- YOUR TASK
Output each record verbatim, with pictures left out.
╭─ DATA FOR THIS TASK
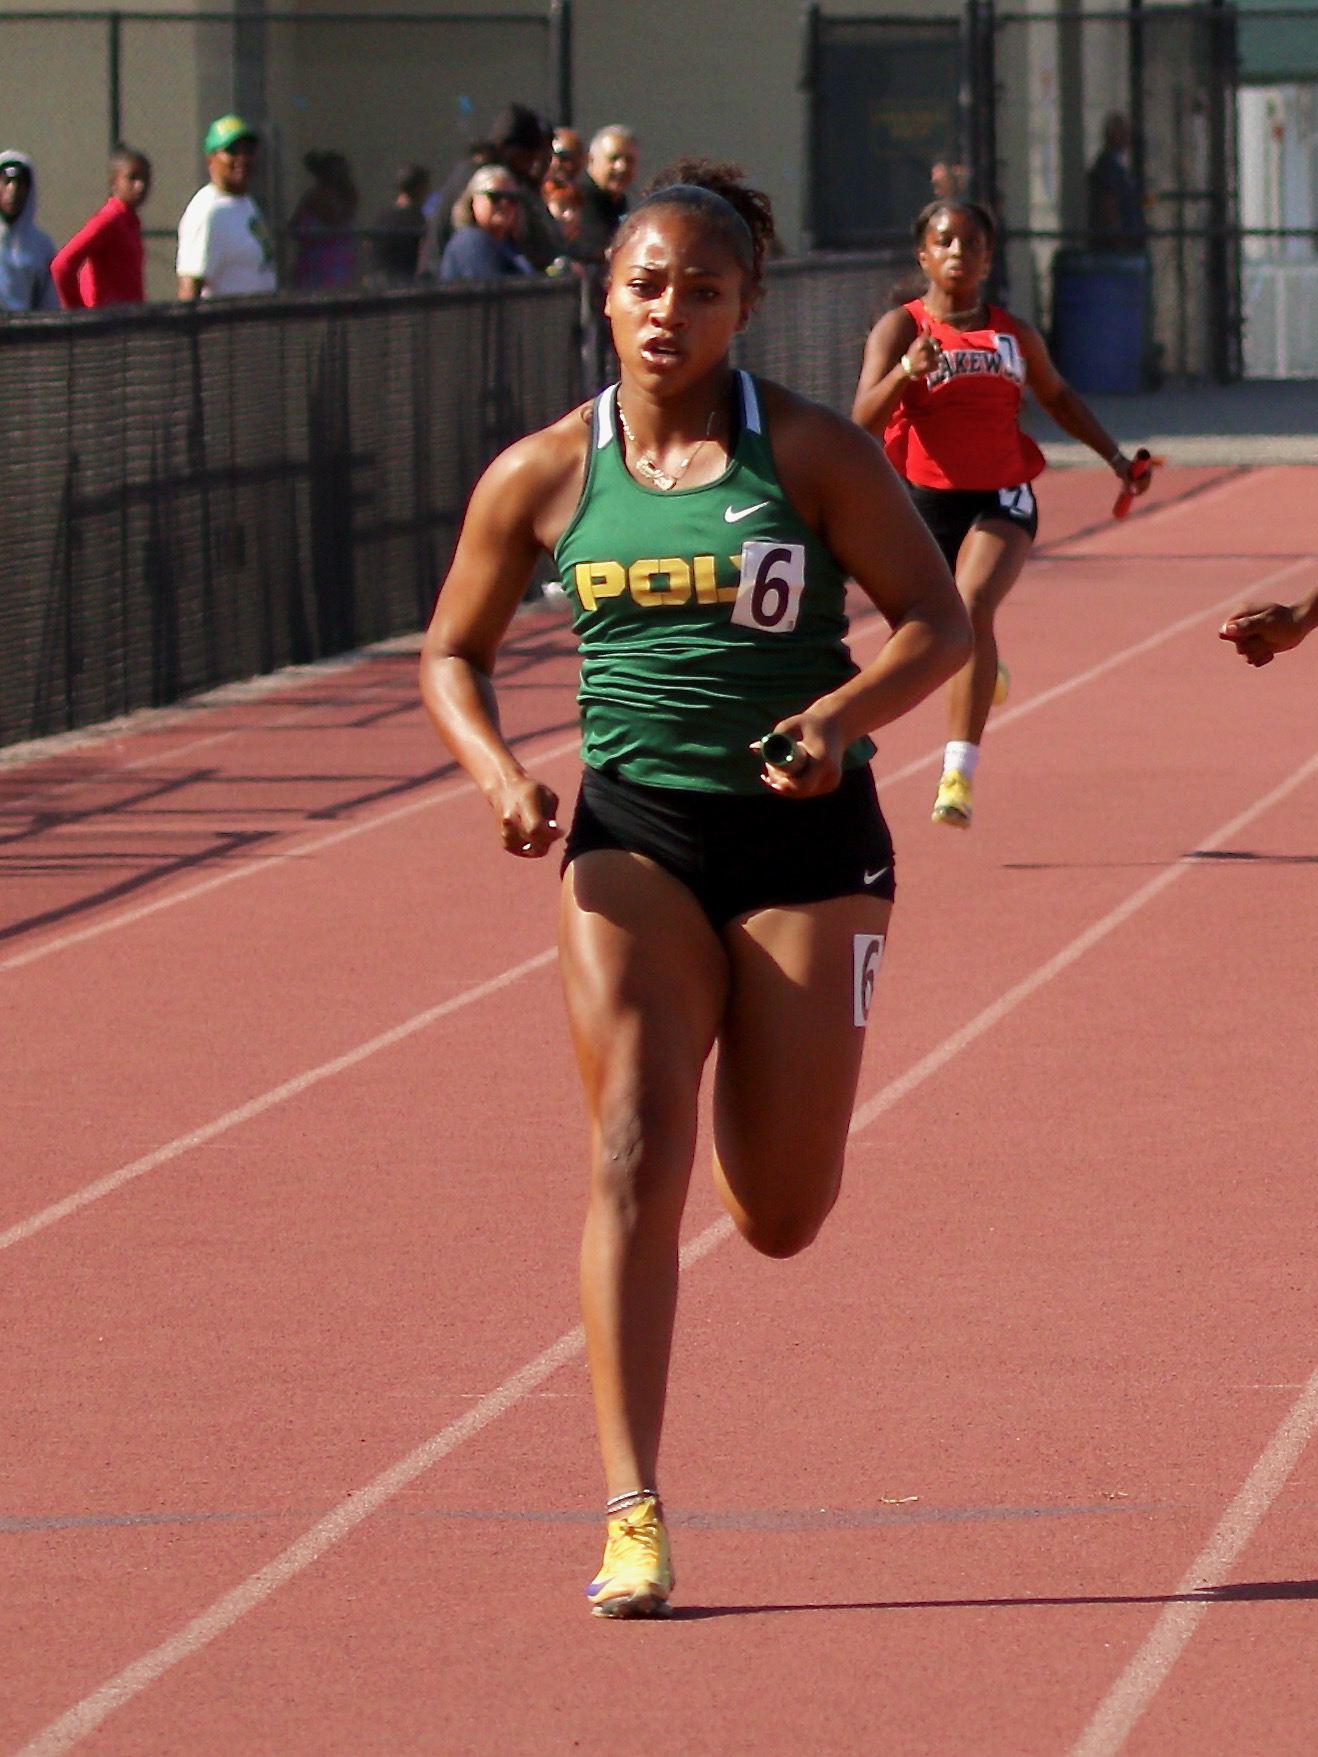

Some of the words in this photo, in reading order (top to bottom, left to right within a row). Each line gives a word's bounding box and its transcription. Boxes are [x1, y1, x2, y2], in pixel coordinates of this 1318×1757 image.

[574, 553, 743, 612] POL
[751, 548, 792, 628] 6
[861, 939, 880, 1022] 6
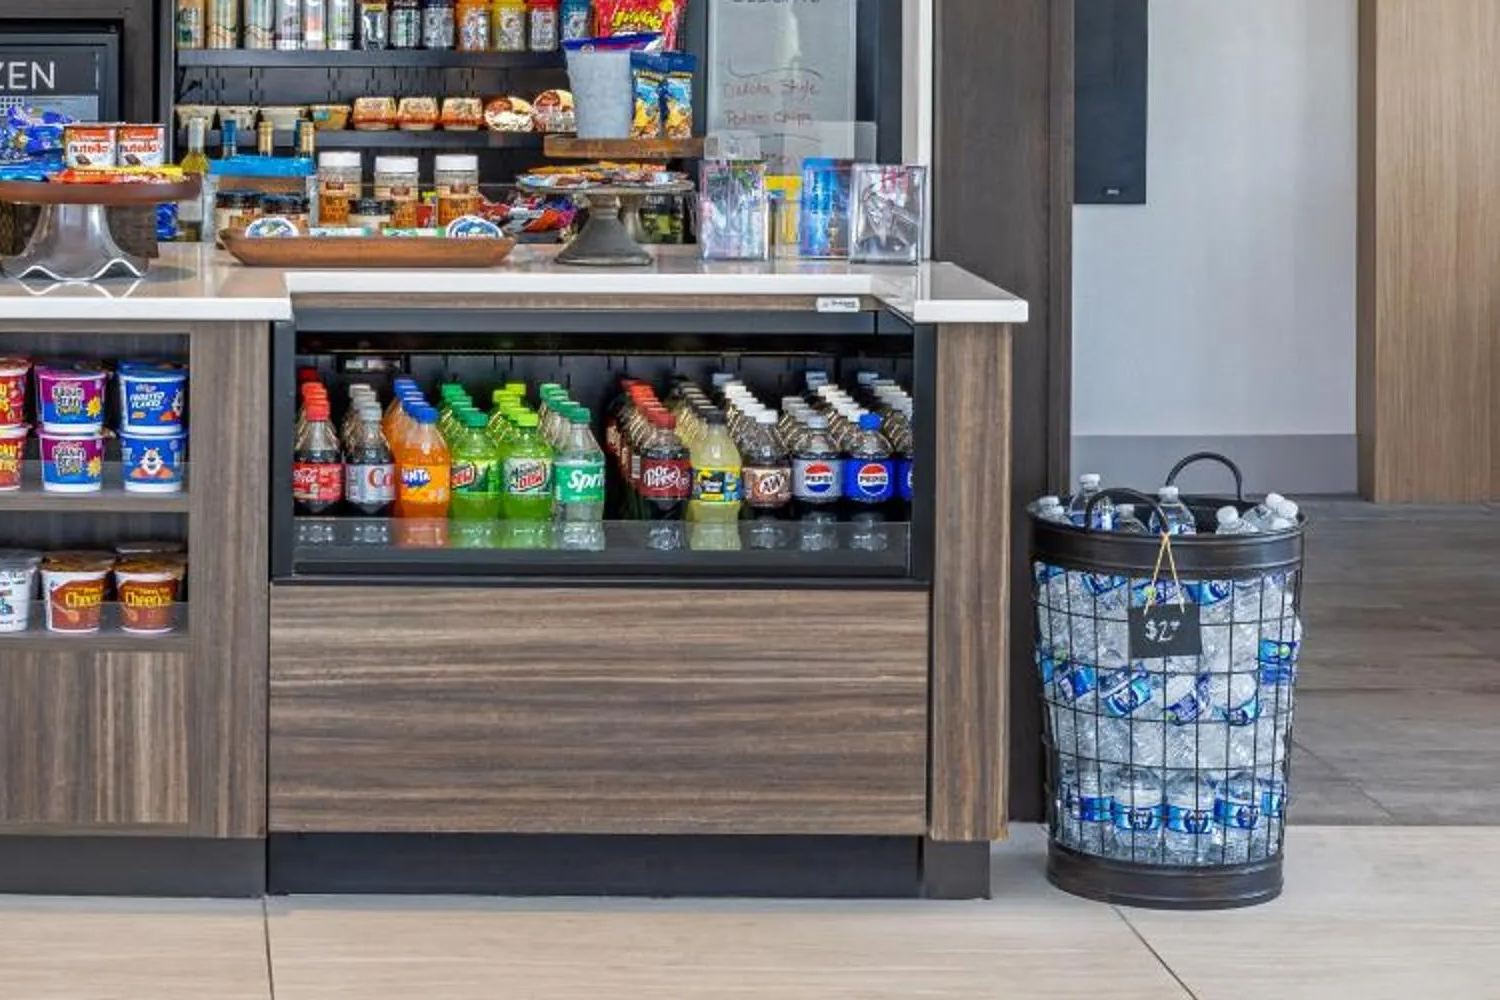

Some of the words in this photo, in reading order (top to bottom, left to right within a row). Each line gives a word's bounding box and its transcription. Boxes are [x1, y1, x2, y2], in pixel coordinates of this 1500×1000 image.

[70, 142, 109, 153] nutella
[120, 141, 157, 152] nutella
[805, 475, 833, 483] PEPSI
[859, 475, 887, 483] PEPSI
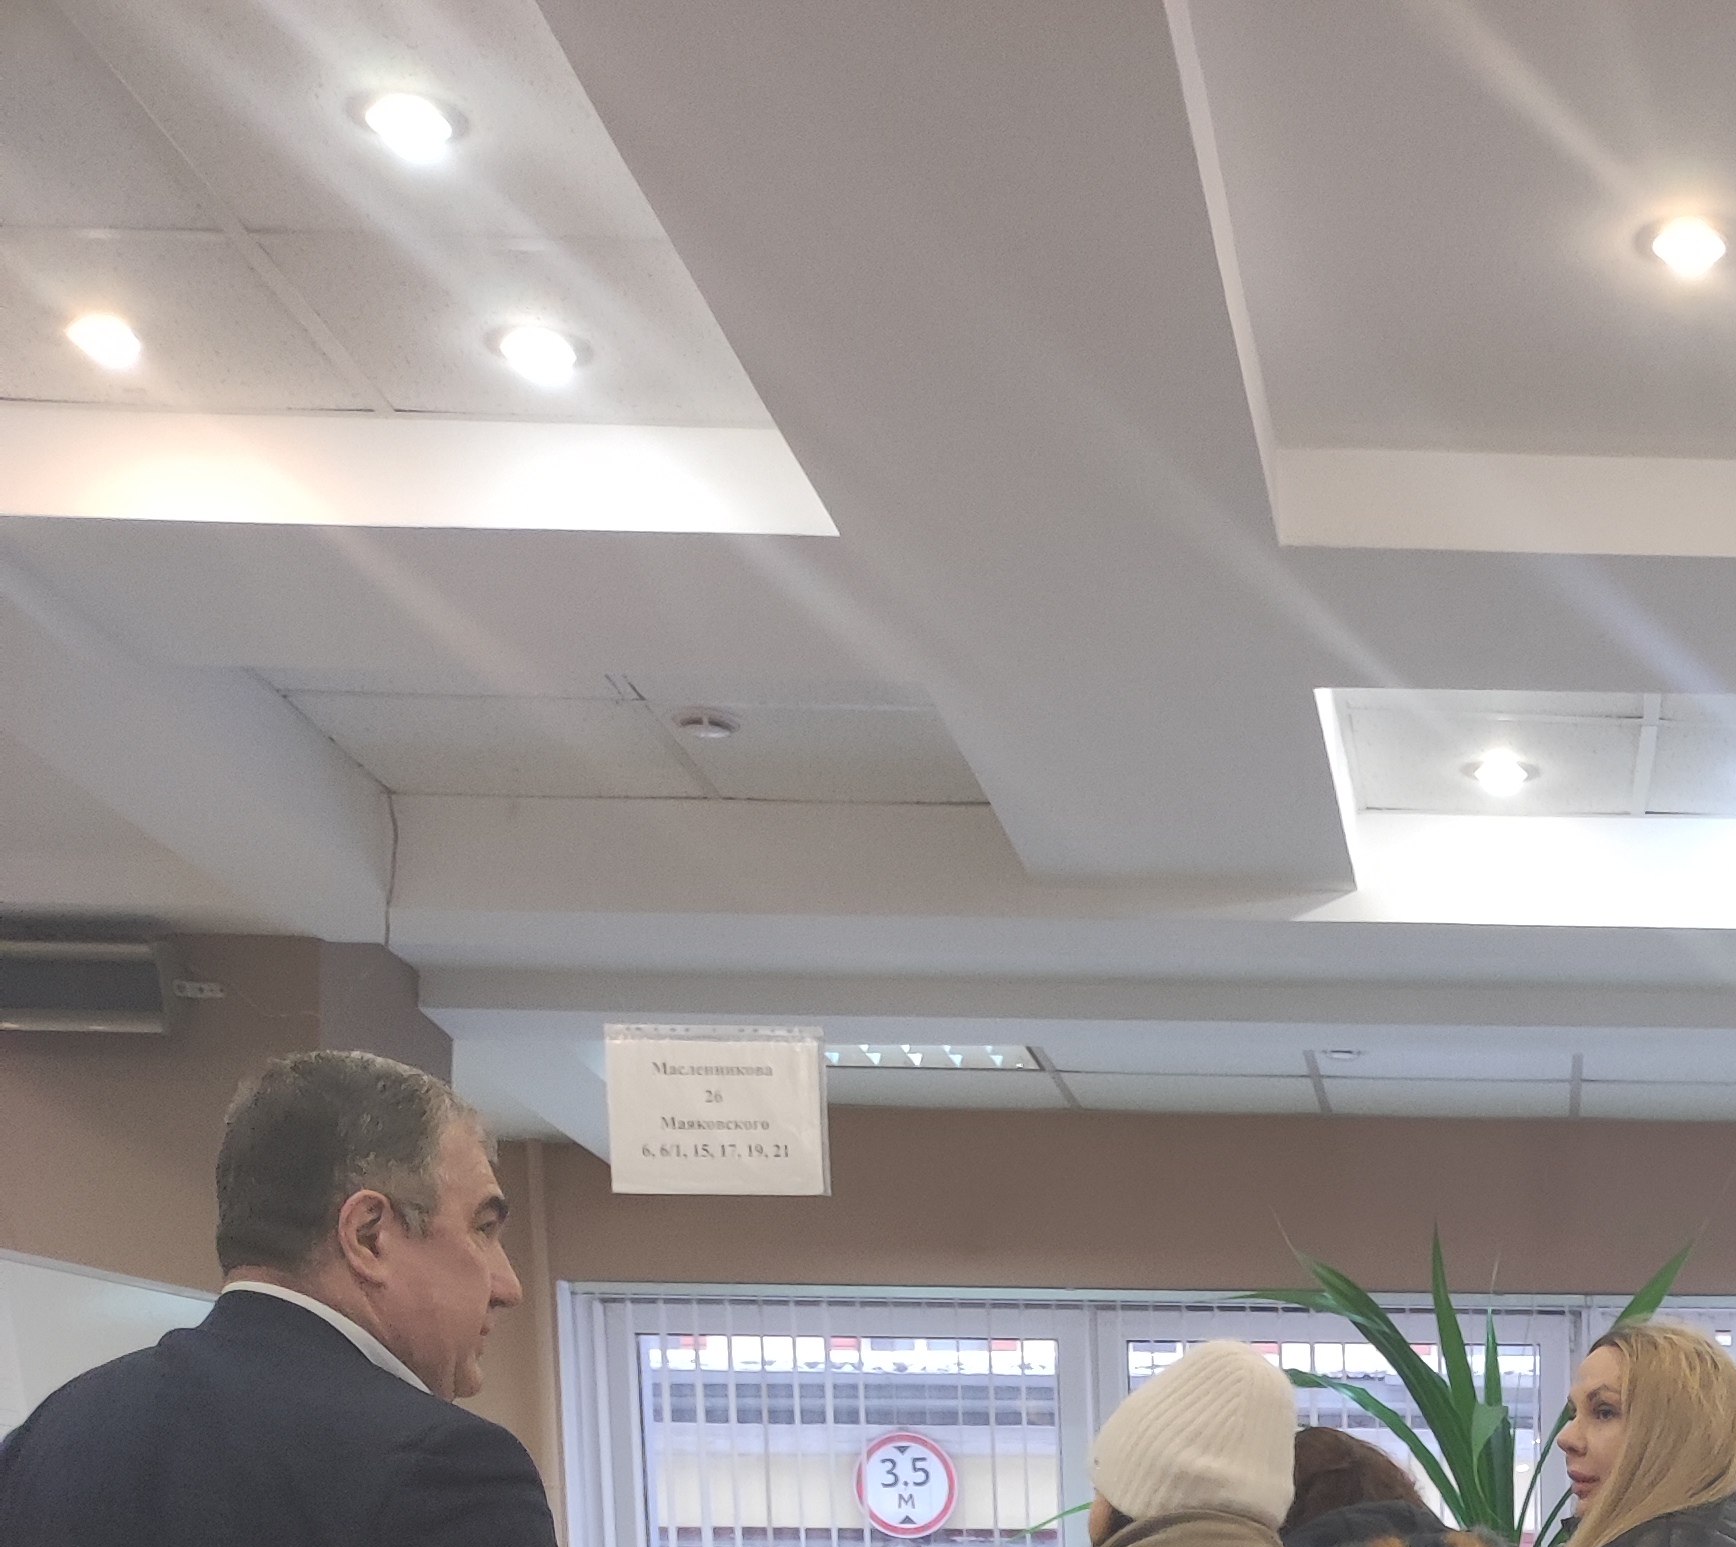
╰─
- TASK SOLUTION
Some of the words in this photo, in reading order (top to bottom, left to right within a row). Each line gives a word's bounding box and its transcription. Boxes are [x1, y1, x2, y2], in pixel coordinates of this 1318×1757 image.

[574, 553, 743, 612] POL
[751, 548, 792, 628] 6
[861, 939, 880, 1022] 6

Some of the words in this photo, in reading order (top to bottom, left to right within a row). Each line gives a word's bounding box and its transcription. Boxes are [x1, y1, x2, y2], in pixel coordinates of this 1500×1000 image.

[70, 142, 109, 153] nutella
[120, 141, 157, 152] nutella
[805, 475, 833, 483] PEPSI
[859, 475, 887, 483] PEPSI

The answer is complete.